Assignment – An unchanged copy of each entry below is needed; keep the pictures out of it.

--- START ---

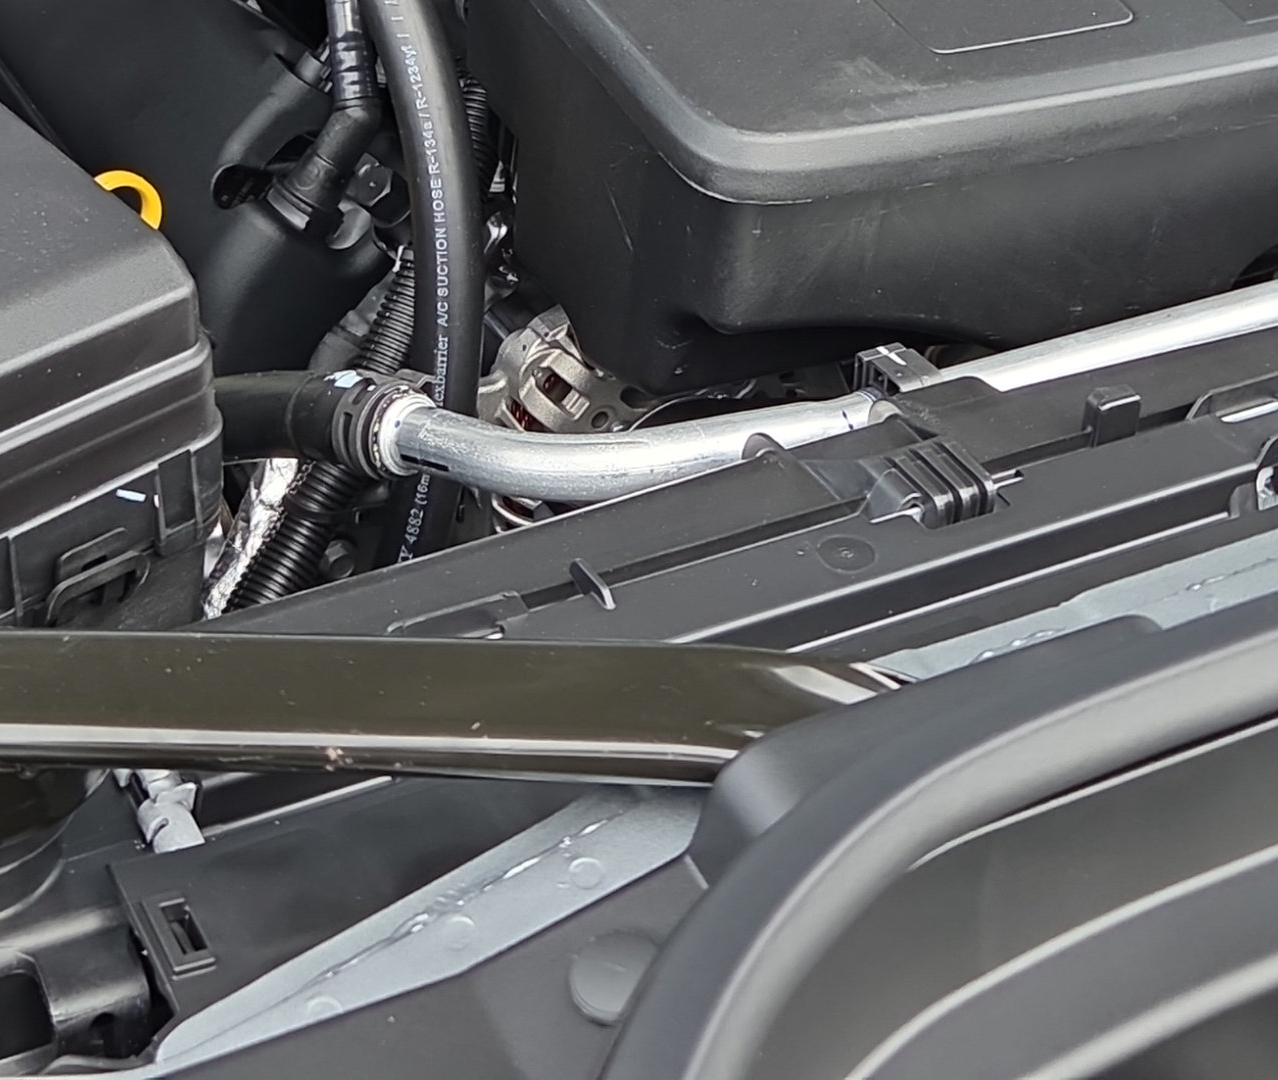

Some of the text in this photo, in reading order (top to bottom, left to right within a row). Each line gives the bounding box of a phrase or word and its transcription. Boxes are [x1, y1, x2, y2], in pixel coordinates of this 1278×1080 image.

[422, 120, 441, 175] R-134a
[430, 177, 446, 223] HOSE
[434, 228, 449, 296] SUCTION
[436, 301, 449, 327] A/C
[404, 508, 424, 544] 4882
[414, 473, 431, 505] (16m

--- END ---

Answer area –
Some of the text in this photo, in reading order (top to bottom, left to right within a row). Each line gives the bounding box of a phrase or word and its transcription. Boxes are [x1, y1, x2, y2], in pixel coordinates of this 1278×1080 image.

[422, 120, 441, 175] R-134a
[430, 177, 446, 223] HOSE
[434, 228, 449, 296] SUCTION
[436, 301, 449, 327] A/C
[404, 508, 424, 544] 4882
[414, 473, 431, 505] (16m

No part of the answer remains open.